[Collected data entries]
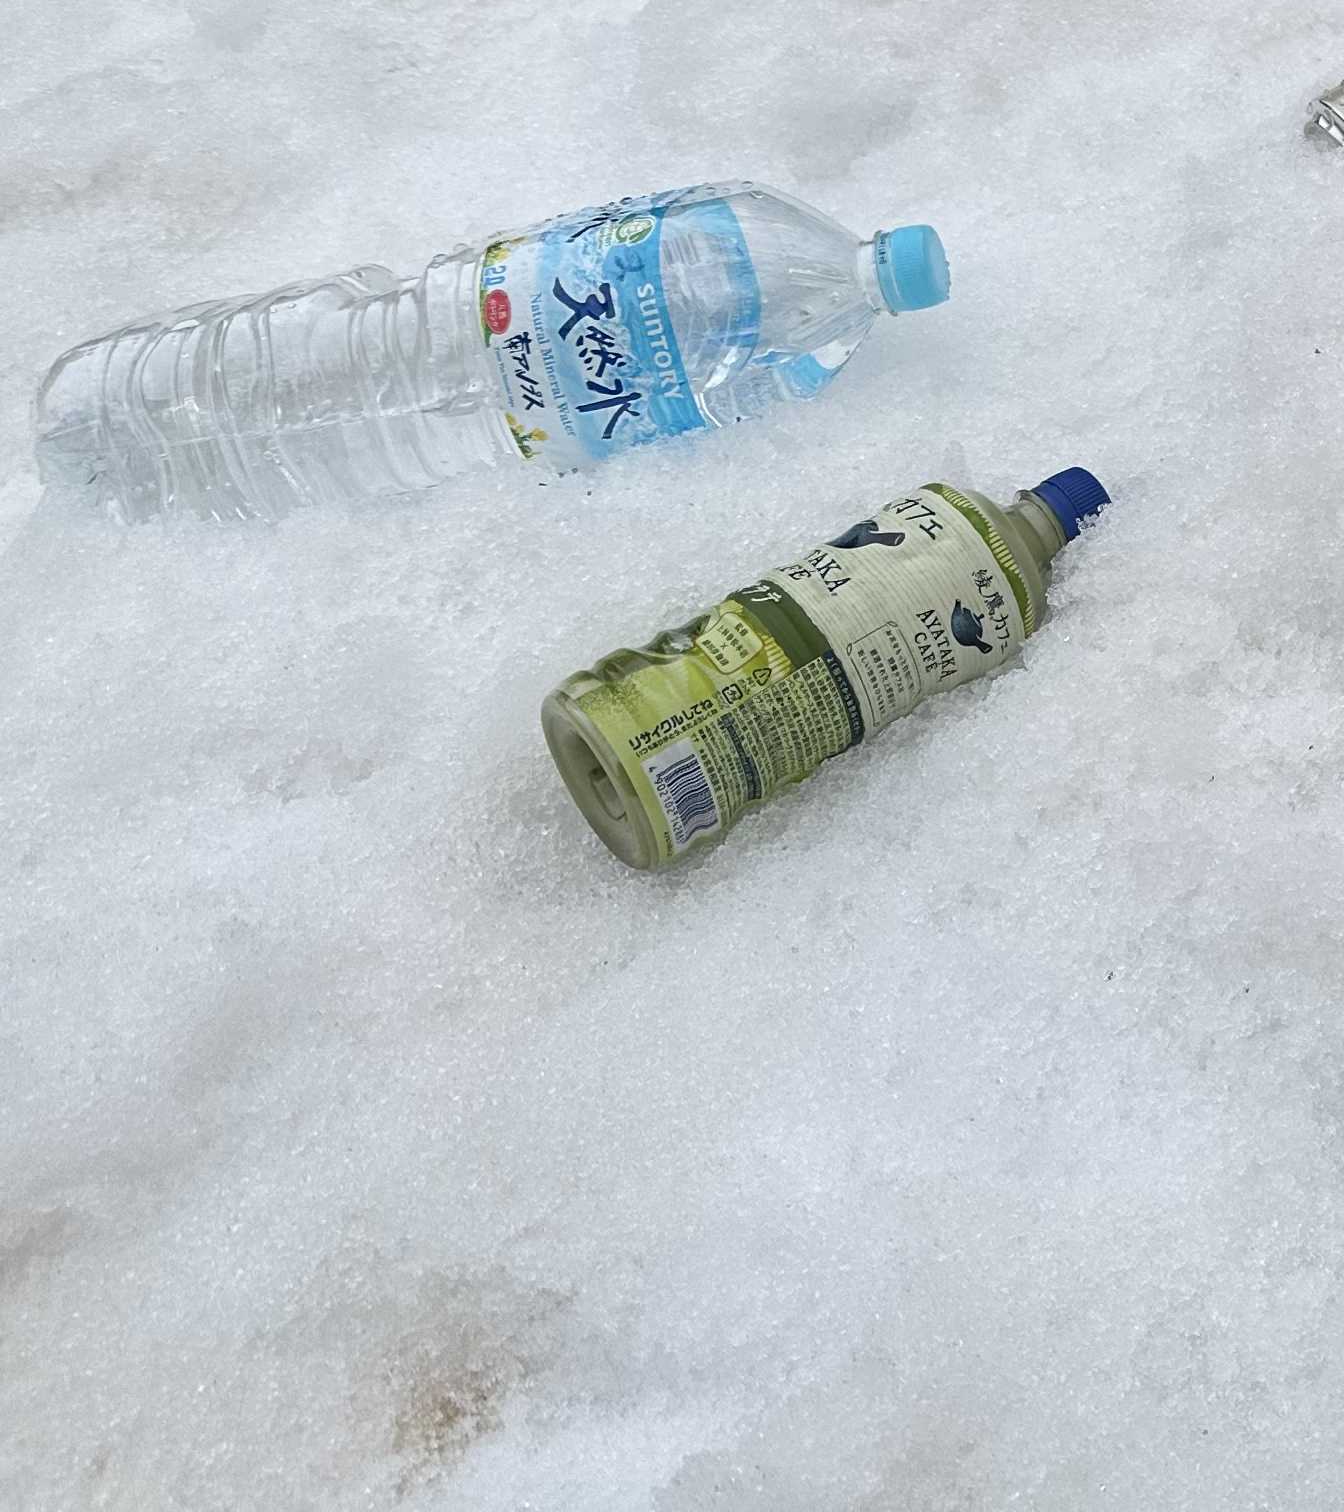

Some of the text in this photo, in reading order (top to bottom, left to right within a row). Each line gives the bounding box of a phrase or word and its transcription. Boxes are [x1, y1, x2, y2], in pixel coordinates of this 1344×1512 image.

[502, 331, 545, 411] 南アルプス
[531, 292, 578, 437] Natural Mineral Water
[553, 276, 641, 439] 天然水
[637, 282, 685, 399] SUNTORY
[916, 608, 958, 683] AYATAKA
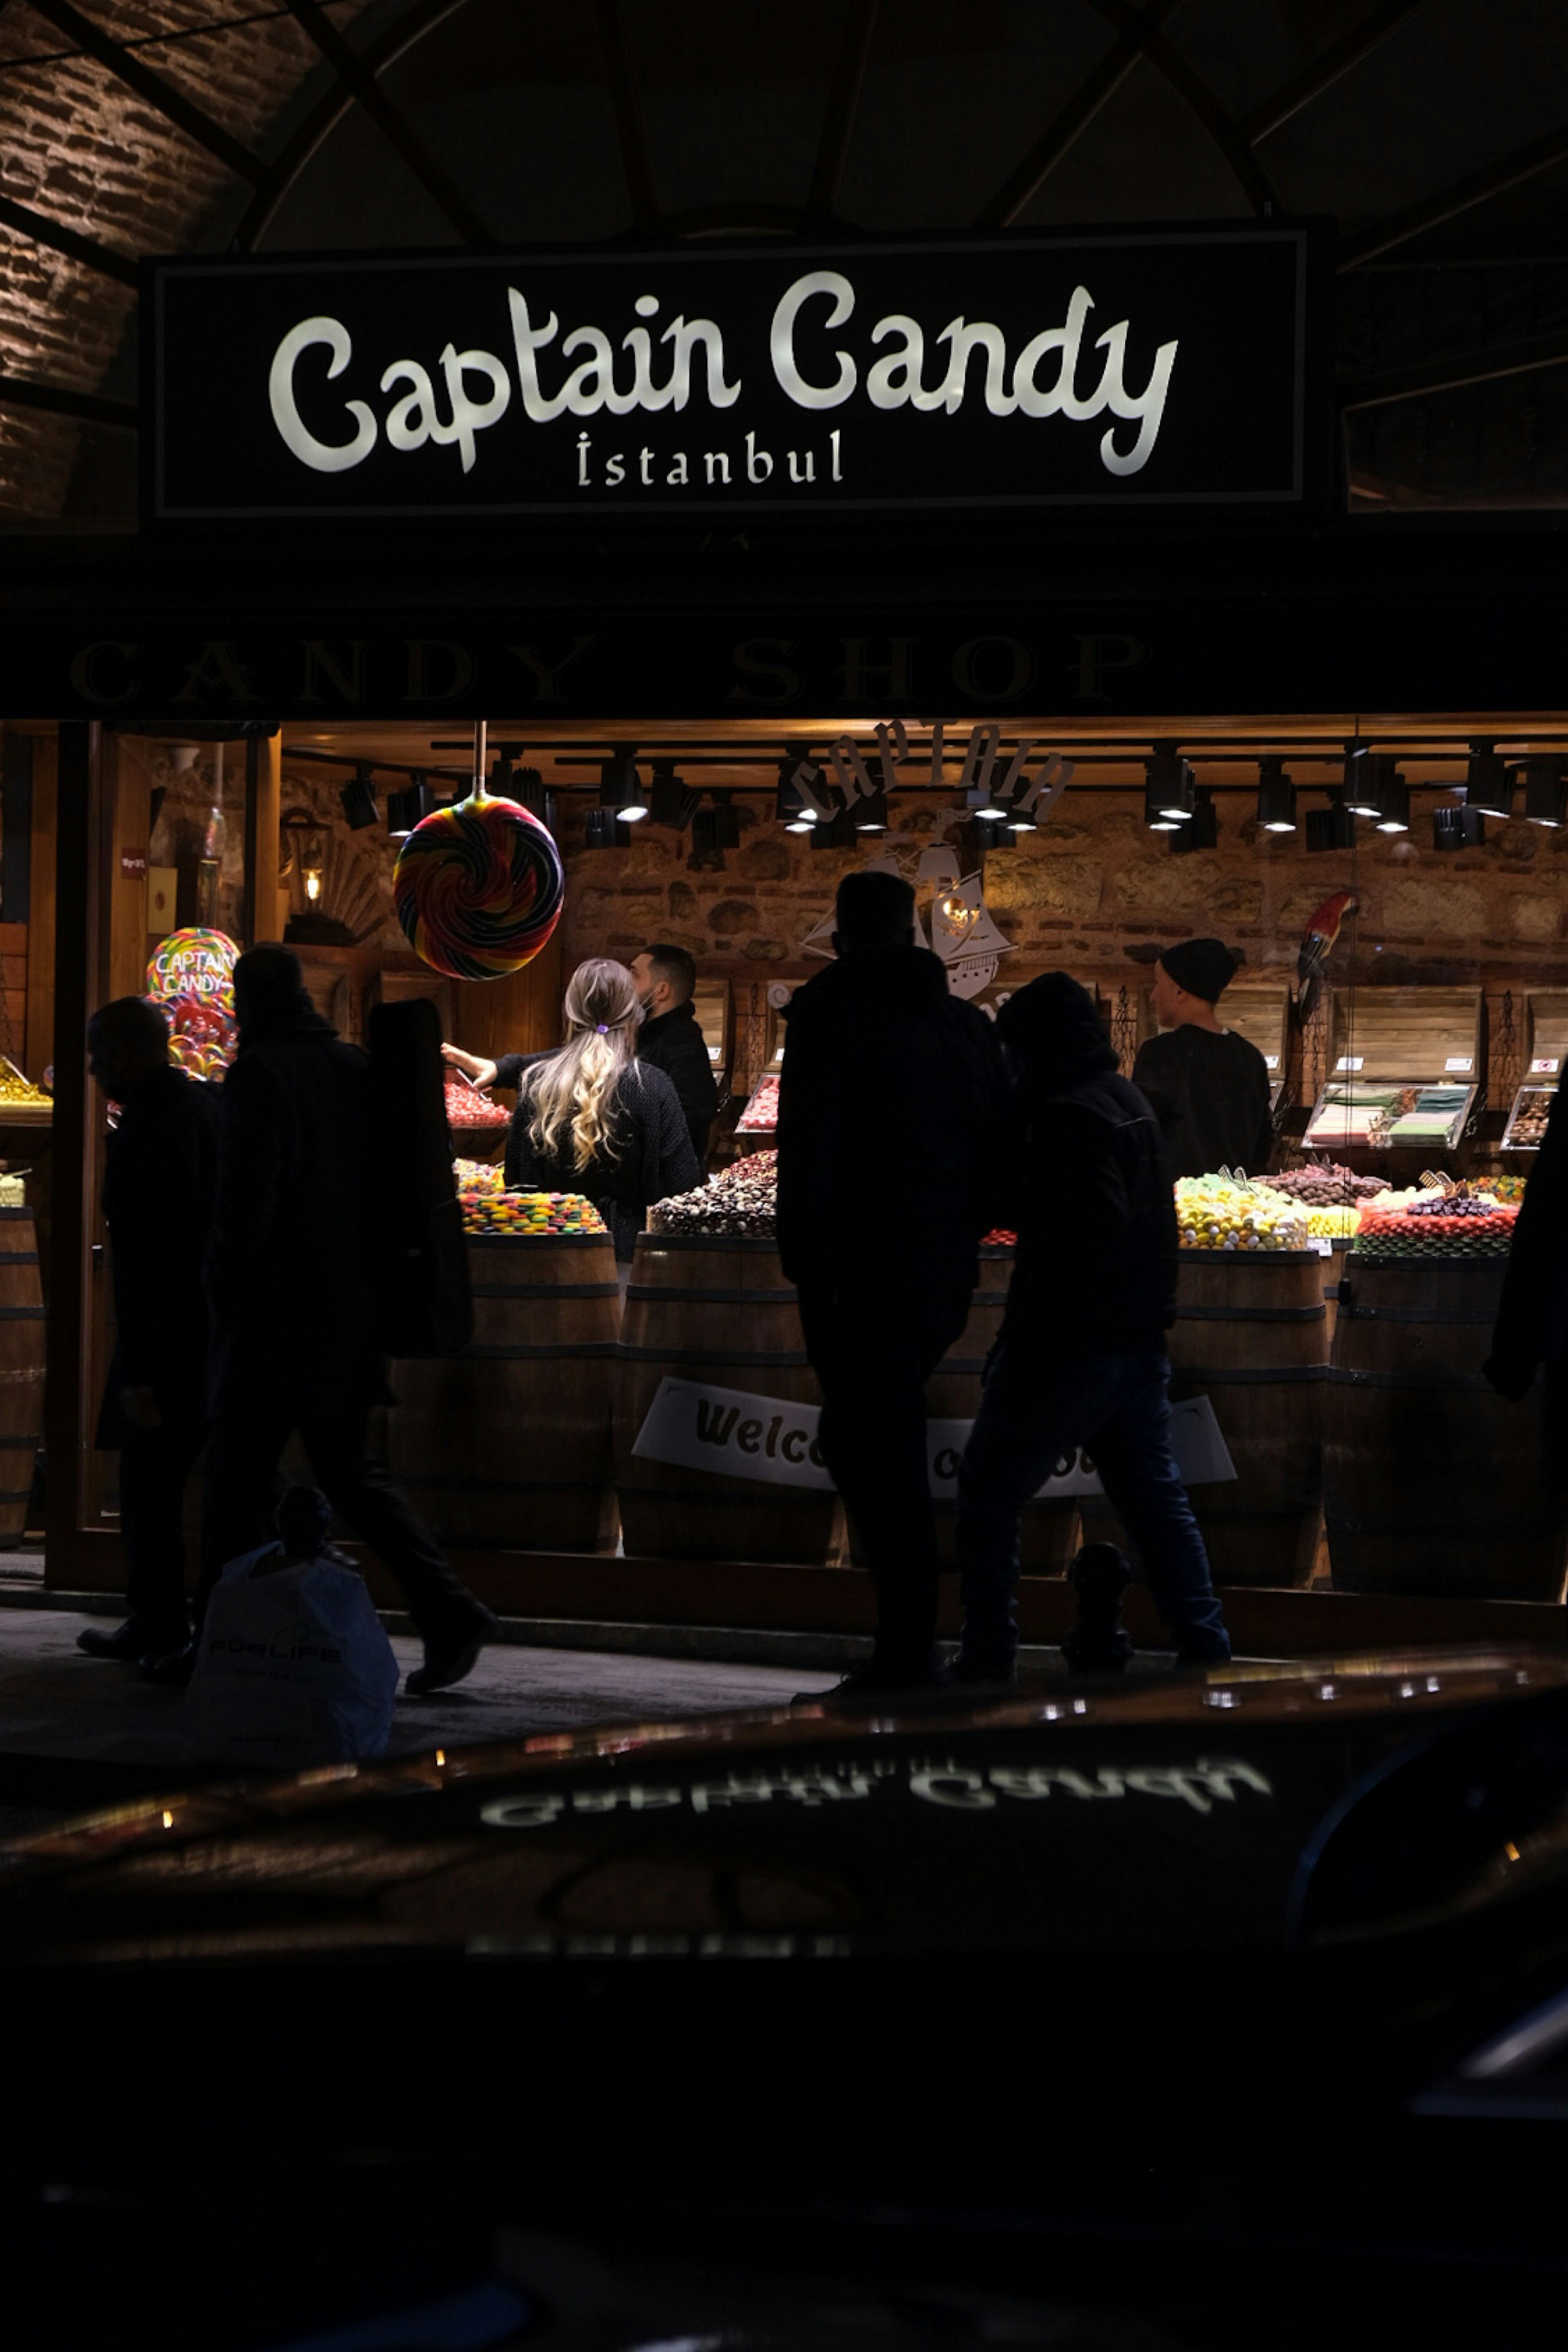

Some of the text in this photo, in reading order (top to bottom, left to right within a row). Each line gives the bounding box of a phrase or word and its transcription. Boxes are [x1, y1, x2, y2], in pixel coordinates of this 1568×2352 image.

[269, 271, 1179, 475] Captain Candy
[576, 430, 843, 485] İstanbul
[67, 631, 1153, 705] CANDY SHOP
[156, 951, 238, 974] CAPTAIN
[163, 973, 225, 993] CANDY
[697, 1398, 828, 1467] Welco
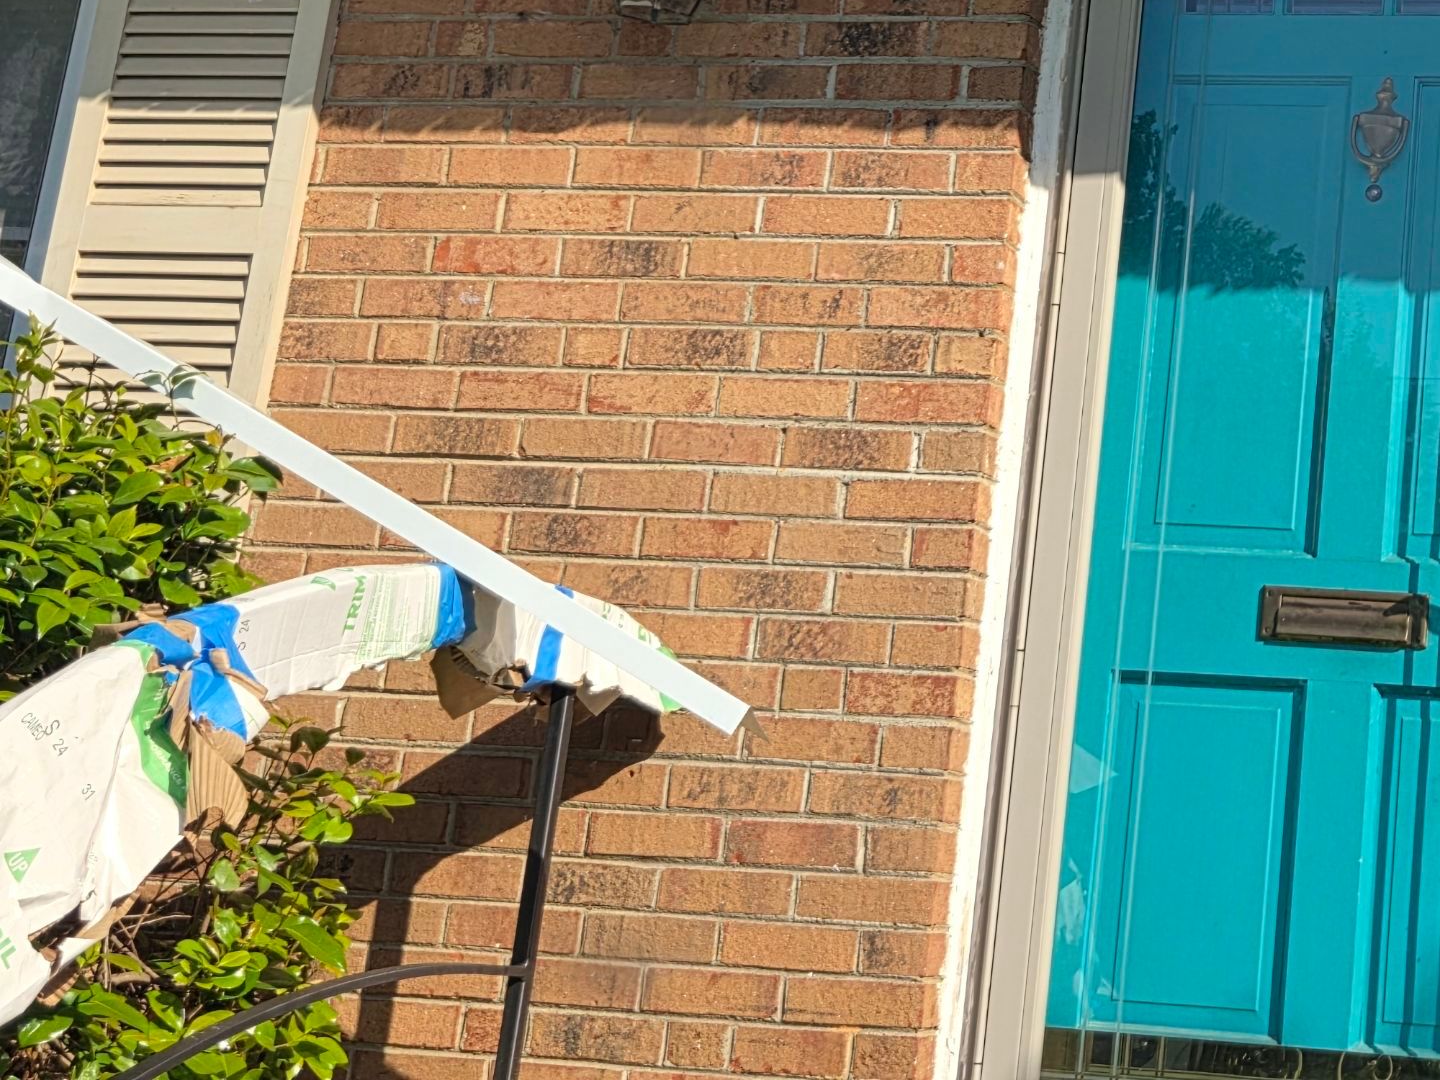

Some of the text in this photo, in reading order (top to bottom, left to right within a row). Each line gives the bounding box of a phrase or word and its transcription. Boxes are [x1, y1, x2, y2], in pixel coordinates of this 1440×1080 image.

[343, 575, 367, 634] TRIM
[52, 738, 69, 757] 24
[8, 851, 29, 872] UP
[0, 928, 17, 970] IL

ASSIGNMENT —
Your answer must be the lines from the one containing "this 1568×2352 image." through the final line of the entries, duplicated exactly, with both ends kept and all pictures left out.

RESULT BELOW —
Some of the text in this photo, in reading order (top to bottom, left to right within a row). Each line gives the bounding box of a phrase or word and its transcription. Boxes are [x1, y1, x2, y2], in pixel coordinates of this 1568×2352 image.

[269, 271, 1179, 475] Captain Candy
[576, 430, 843, 485] İstanbul
[67, 631, 1153, 705] CANDY SHOP
[156, 951, 238, 974] CAPTAIN
[163, 973, 225, 993] CANDY
[697, 1398, 828, 1467] Welco

Some of the text in this photo, in reading order (top to bottom, left to right within a row). Each line gives the bounding box of a phrase or word and its transcription. Boxes are [x1, y1, x2, y2], in pixel coordinates of this 1440×1080 image.

[343, 575, 367, 634] TRIM
[52, 738, 69, 757] 24
[8, 851, 29, 872] UP
[0, 928, 17, 970] IL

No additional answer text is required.